→ UNE PETITE HISTOIRE DE LA LANGUE FRANÇAISE
→ Articles classés par catégories (tags)
Le XVIe siècle est un siècle d'une grande fécondité dans le domaine de la langue. Nous avons pu le voir avec notamment Rabelais (au chapitre 9) et Ronsard (au chapitre 10) ; tous deux font partie de ceux qui ont inventé le plus grand nombre de mots.
Montaigne* (1533-1592)
Michel Eyquem de Montaigne aime le mot juste et fuit « les longueries ». Il dit lui-même que « son esprit crochette et furette tout le magasin des mots et des figures pour se représenter. » Sa pensée (n'oublions pas qu'il était gascon), s'exprime dans les mots concrets de la langue populaire ; il use de digressions, saute d'une idée à l'autre à coups de récits, de poésie, de démonstrations, se laissant guider par sa sagesse, sa tolérance et son humanisme jamais dépourvu d'émotions.
« Que les paroles ne soient plus de vents mais de chair et d’os »
Montaigne, dans son œuvre majeure « les Essais », aborde, pêle-mêle, tous les sujets possibles, qu'ils soient importants ou futiles : de simples questions domestiques côtoient ses réflexions métaphysiques.
Il se nourrit des oeuvres de l'Antiquité, mais, dit-il : « Je feuillette les livres, je ne les étudie pas : ce qui m'en demeure, c'est chose que je ne reconnais plus être autrui. »
Il tente de répondre à la question : « Qu'est-ce que l'Homme ? » Pour ce faire, il doit répondre à celle-ci : « Qui suis-je, moi, Michel Eyquem de Montaigne ? »
Vous l'auriez vu, lisant et écrivant dans sa « librairie » où il avait fait peindre, sur les poutres, les sentences des Anciens**.
En conclusion au XVIe siècle :
Après avoir assisté à un foisonnement d'innovations linguistiques, où s'exprime une grande liberté, on va peu à peu mettre en place quelque rigueur en prônant une plus grande simplicité dans le style, ce qui donnera lieu bientôt à l'élaboration de la grammaire.
En 1827, dans « La Préface de Cromwell », Victor Hugo écrit :
« [...] La langue française n’est point fixée et ne se fixera point. Une langue ne se fixe pas.

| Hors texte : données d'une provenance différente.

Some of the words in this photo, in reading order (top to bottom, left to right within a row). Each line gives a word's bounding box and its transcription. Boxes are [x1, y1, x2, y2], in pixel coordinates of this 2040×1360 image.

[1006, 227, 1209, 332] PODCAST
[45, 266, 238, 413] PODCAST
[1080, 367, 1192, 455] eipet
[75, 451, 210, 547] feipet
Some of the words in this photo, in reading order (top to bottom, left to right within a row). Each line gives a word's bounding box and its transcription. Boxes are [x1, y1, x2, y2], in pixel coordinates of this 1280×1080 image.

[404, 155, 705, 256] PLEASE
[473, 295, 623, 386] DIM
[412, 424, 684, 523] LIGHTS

L’esprit humain est toujours en marche, ou, si l’on veut, en mouvement, et les langues avec lui. Les choses sont ainsi. Quand le corps change, comment l’habit ne changerait-il pas ? Le français du dix-neuvième siècle ne peut pas plus être le français du dix-huitième, que celui-ci n’est le français du dix-septième, que le français du dix-septième n’est celui du seizième. La langue de Montaigne n’est plus celle de Rabelais, la langue de Pascal n’est plus celle de Montaigne, la langue de Montesquieu n’est plus celle de Pascal. Chacune de ces quatre langues, prise en soi, est admirable, parce qu’elle est originale. Toute époque a ses idées propres, il faut qu’elle ait aussi les mots propres à ses idées.

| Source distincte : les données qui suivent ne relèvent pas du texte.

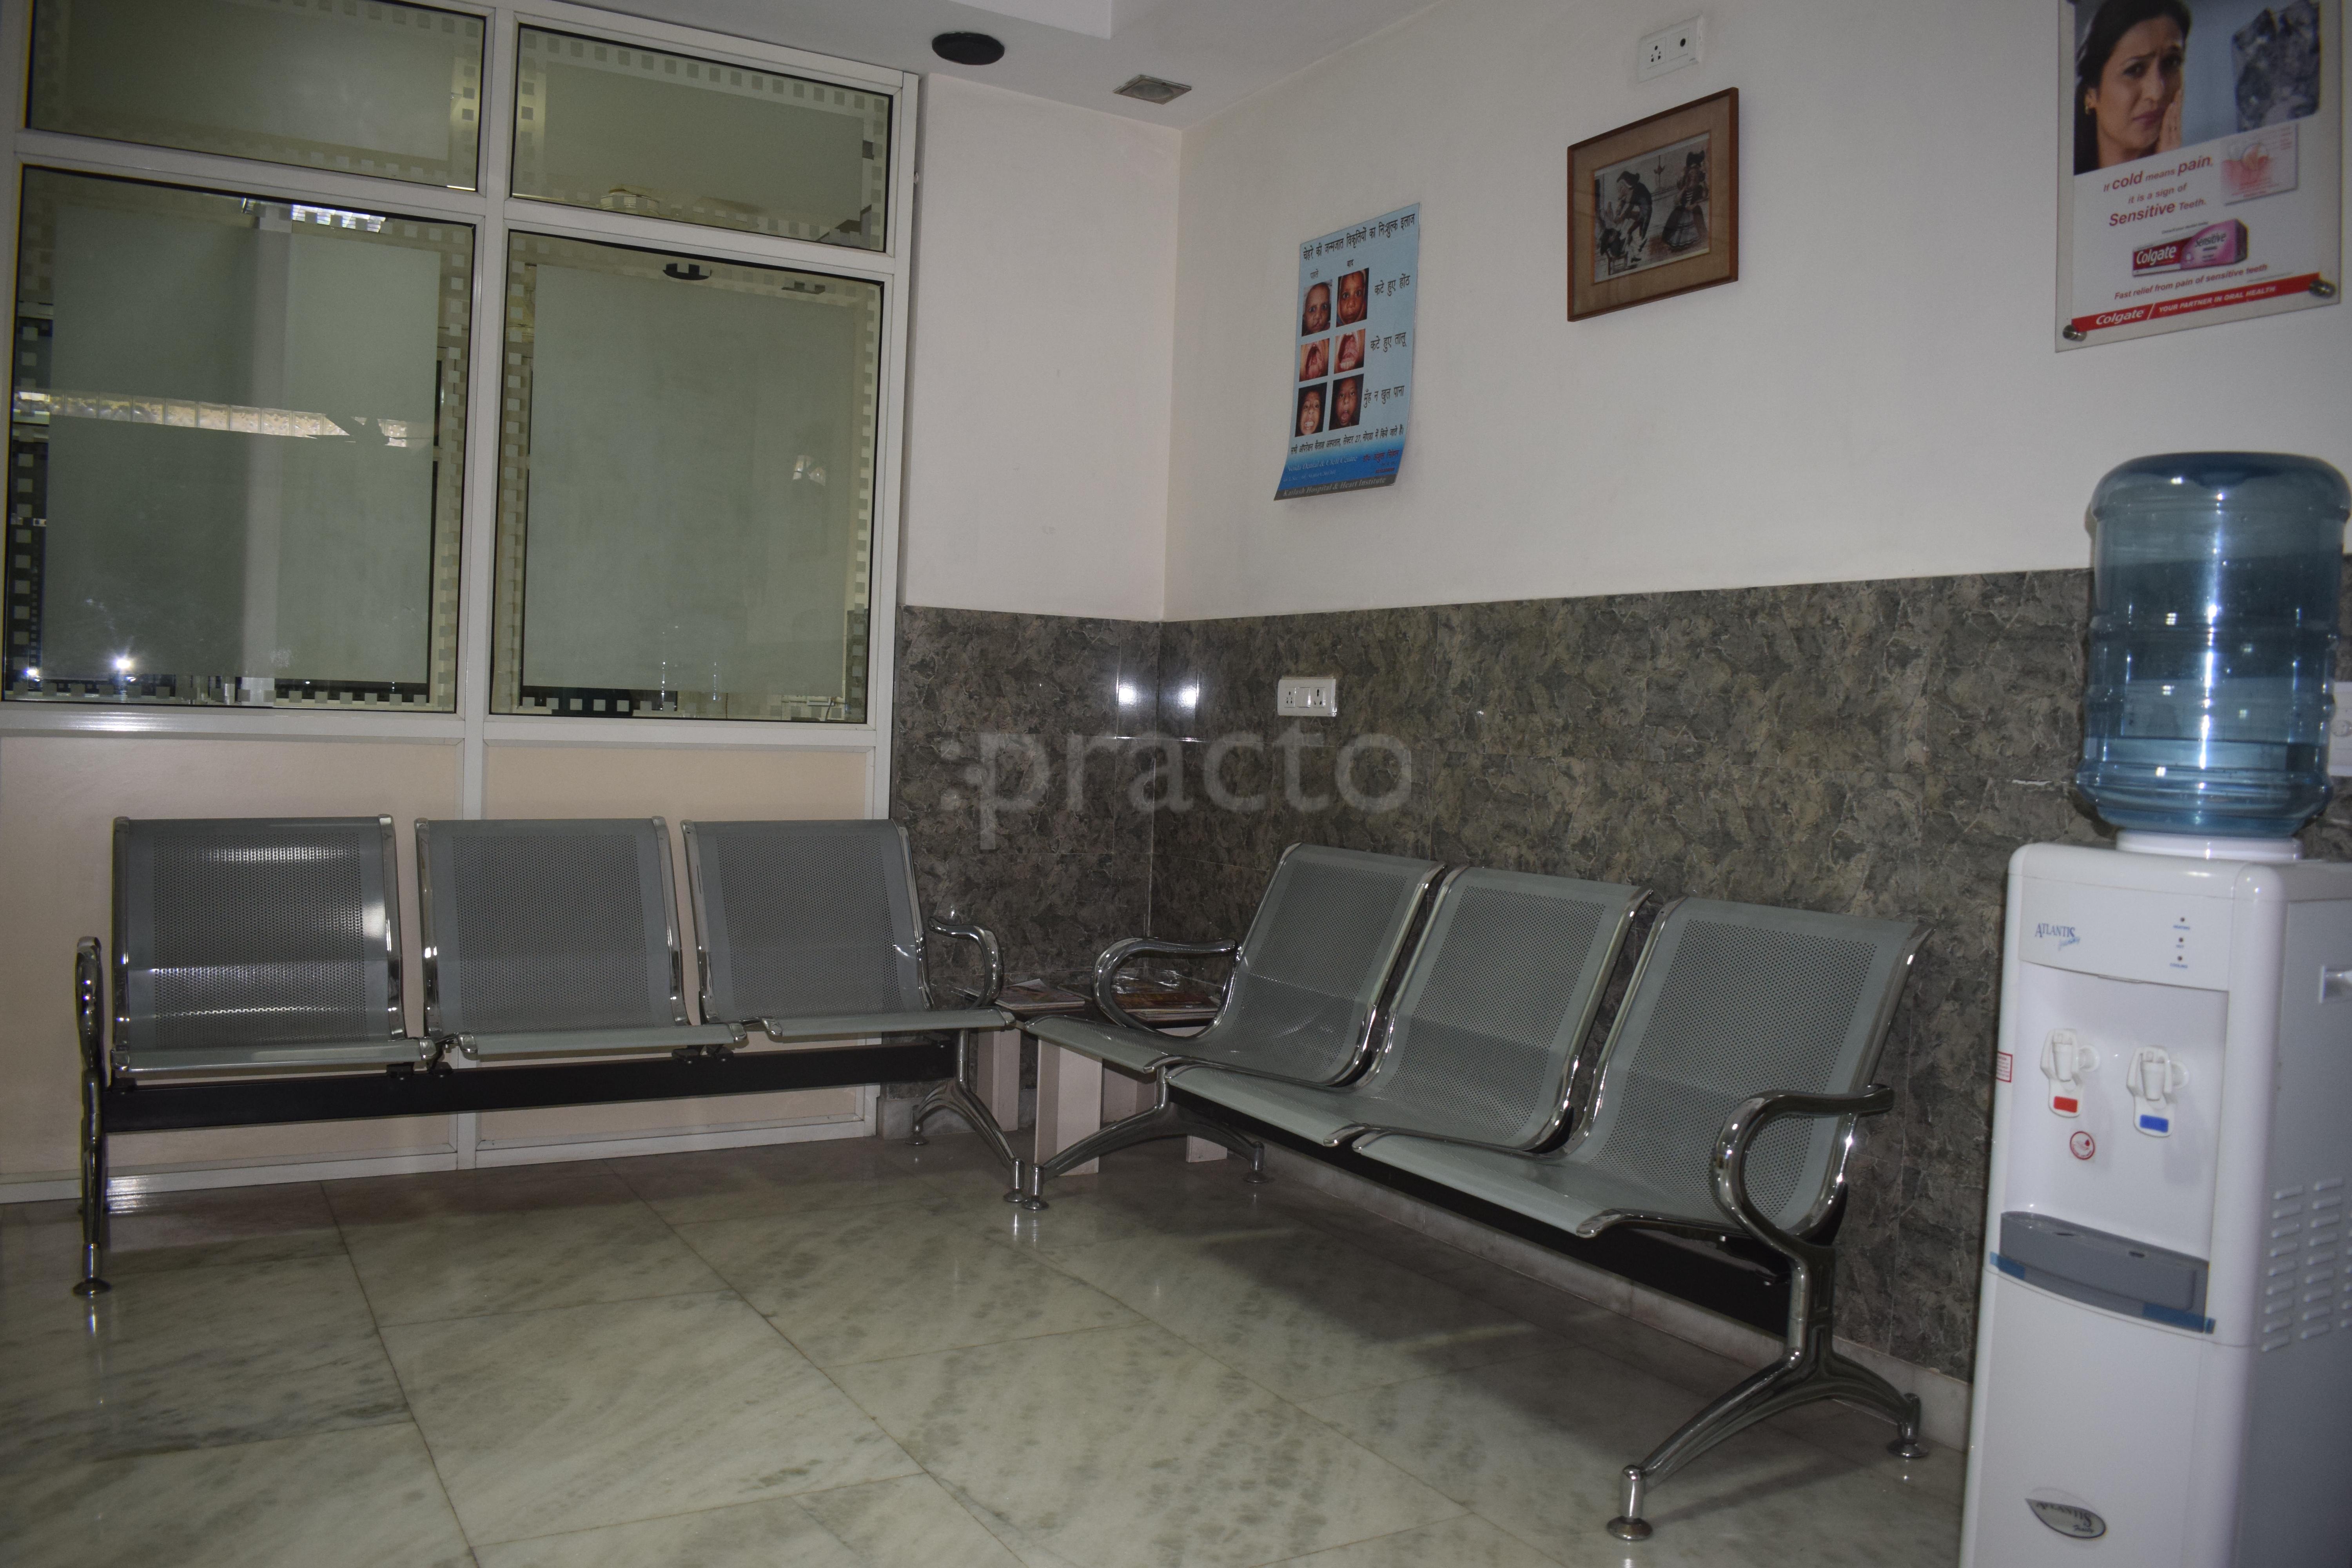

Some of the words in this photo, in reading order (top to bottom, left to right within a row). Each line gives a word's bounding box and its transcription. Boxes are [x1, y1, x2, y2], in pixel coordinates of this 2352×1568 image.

[2103, 183, 2110, 192] If
[2112, 170, 2143, 189] cold
[2145, 169, 2175, 181] means
[2128, 196, 2134, 204] it
[2156, 187, 2174, 198] sign
[2178, 182, 2187, 192] of
[2109, 203, 2176, 226] Sensitive
[1303, 245, 1314, 260] चेहरे
[1316, 242, 1322, 257] की
[1325, 238, 1344, 254] जन्मजात
[1369, 227, 1376, 239] का
[1401, 213, 1415, 230] इलाज
[2195, 232, 2227, 247] Sensitive
[2136, 246, 2176, 266] Colgate
[1374, 280, 1384, 295] कटे
[1387, 280, 1396, 296] हुए
[2114, 291, 2131, 300] Fast
[2133, 285, 2154, 296] relief
[2155, 283, 2173, 292] from
[2175, 279, 2193, 289] pain
[2205, 269, 2244, 282] sensitive
[2246, 263, 2268, 274] teeth
[2096, 309, 2144, 325] Colgate
[2159, 303, 2178, 312] YOUR
[2180, 297, 2213, 309] PARTNER
[2224, 292, 2244, 301] ORAL
[2245, 286, 2276, 296] HEALTH
[1370, 336, 1380, 351] कटे
[1383, 336, 1392, 352] हुए
[1395, 332, 1406, 347] तालू
[1374, 391, 1379, 401] न
[1381, 388, 1391, 405] खुल
[1394, 385, 1405, 397] पाना
[1283, 487, 1305, 497] Kailash
[1306, 483, 1332, 493] Hospital
[1340, 481, 1357, 489] Heart
[1359, 477, 1387, 486] Institute
[2034, 922, 2076, 938] ATLANTIS

Les langues sont comme la mer, elles oscillent sans cesse. À certains temps, elles quittent un rivage du monde de la pensée et envahissent un autre. Tout ce que leur flot déserte ainsi sèche et s’efface du sol. C’est de cette même façon que des idées s’éteignent, que des mots s’en vont.

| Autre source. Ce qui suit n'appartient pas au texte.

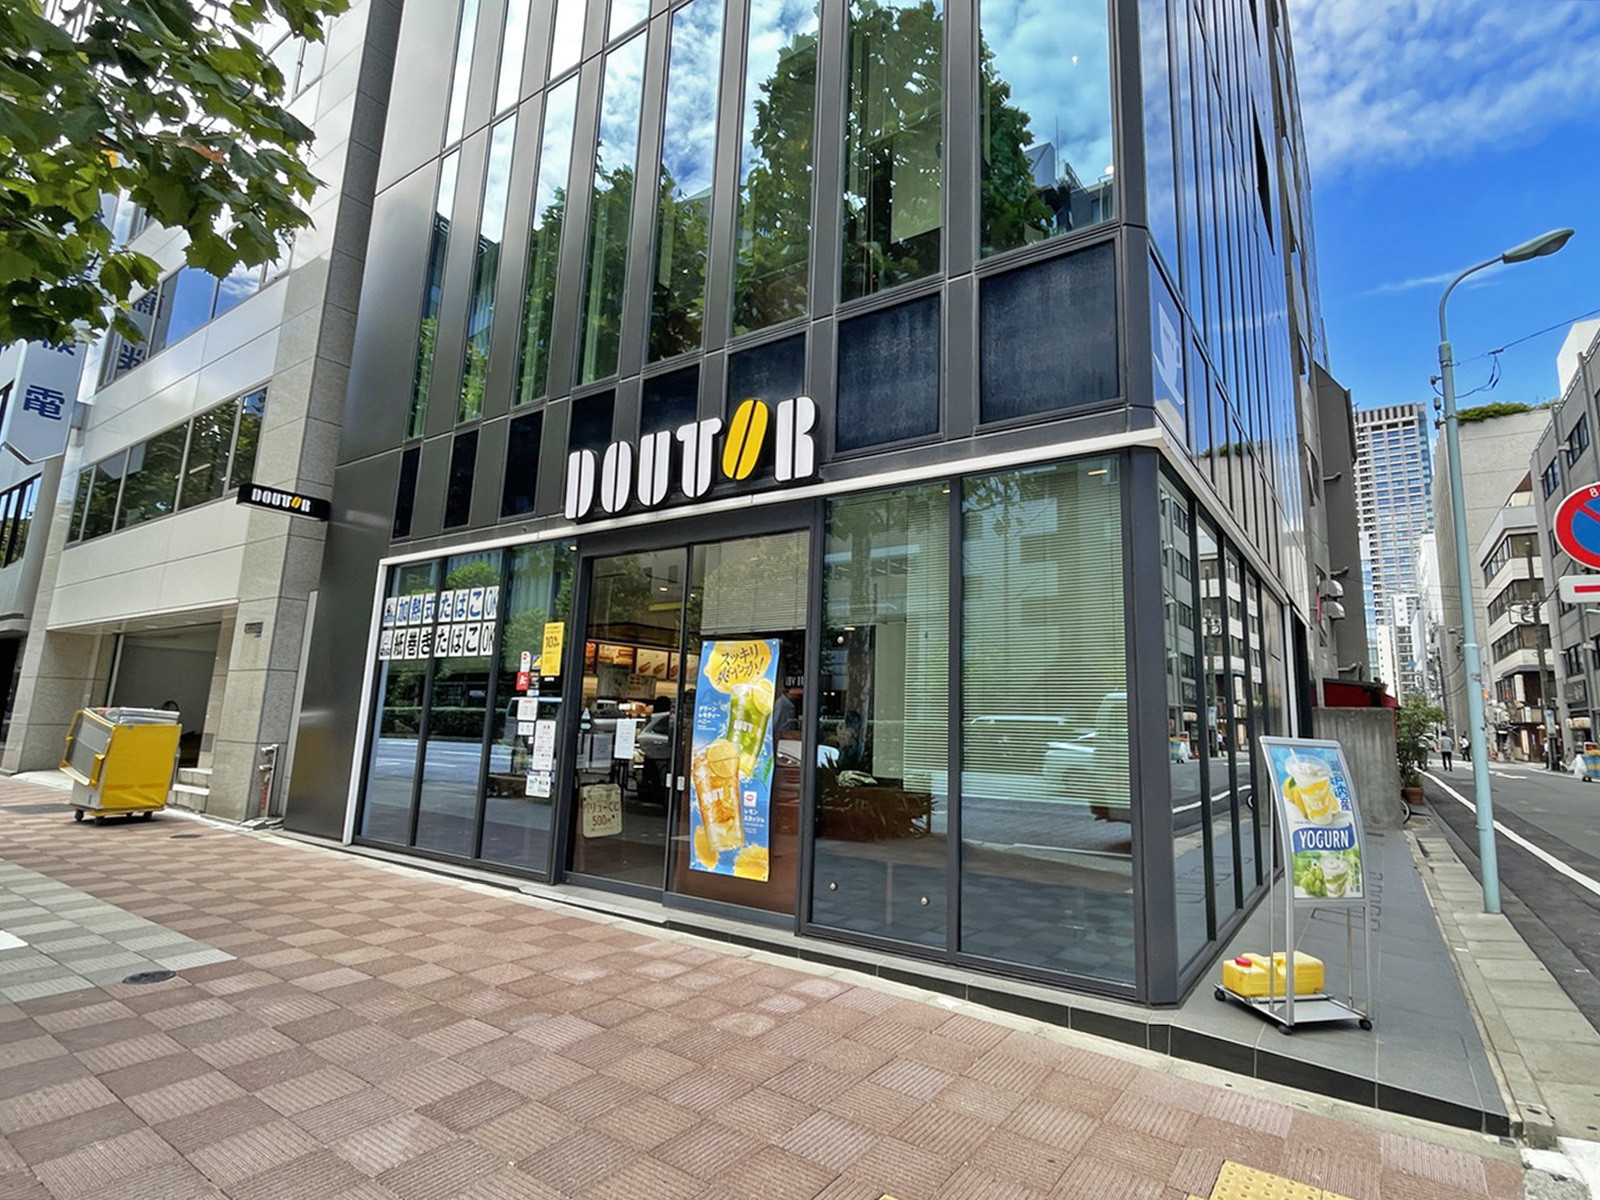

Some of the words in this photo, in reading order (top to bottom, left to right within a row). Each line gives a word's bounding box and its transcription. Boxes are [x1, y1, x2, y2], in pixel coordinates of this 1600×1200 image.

[23, 384, 65, 421] 電
[564, 396, 817, 520] DOUTOR
[251, 488, 312, 513] DOUTOR
[716, 643, 760, 670] スッキリ
[1298, 829, 1349, 849] YOGURN

Il en est des idiomes humains comme de tout. Chaque siècle y apporte et en emporte quelque chose. Qu’y faire ? Cela est fatal. C’est donc en vain que l’on voudrait pétrifier la mobile physionomie de notre idiome sous une forme donnée. C’est en vain que nos Josué littéraires crient à la langue de s’arrêter ; les langues ni le soleil ne s’arrêtent plus. Le jour où elles se fixent, c’est qu’elles meurent [...] »
NOTES
*Montaigne devrait se prononcer Montagne, puisqu'on ne prononce pas le i en langue d'oc.
**Retrouver cinquante-sept des sentences des Anciens, peintes sur les travées de sa librairie. (traduites du grec ou du latin), dans les notes des Délires n° 105
Délires sur une réponse qui se fait attendre + Les sentences chères à Montaigne
Publications en 1861 et 1894, et en appendice dans La Pléiade, Gallimard 1963.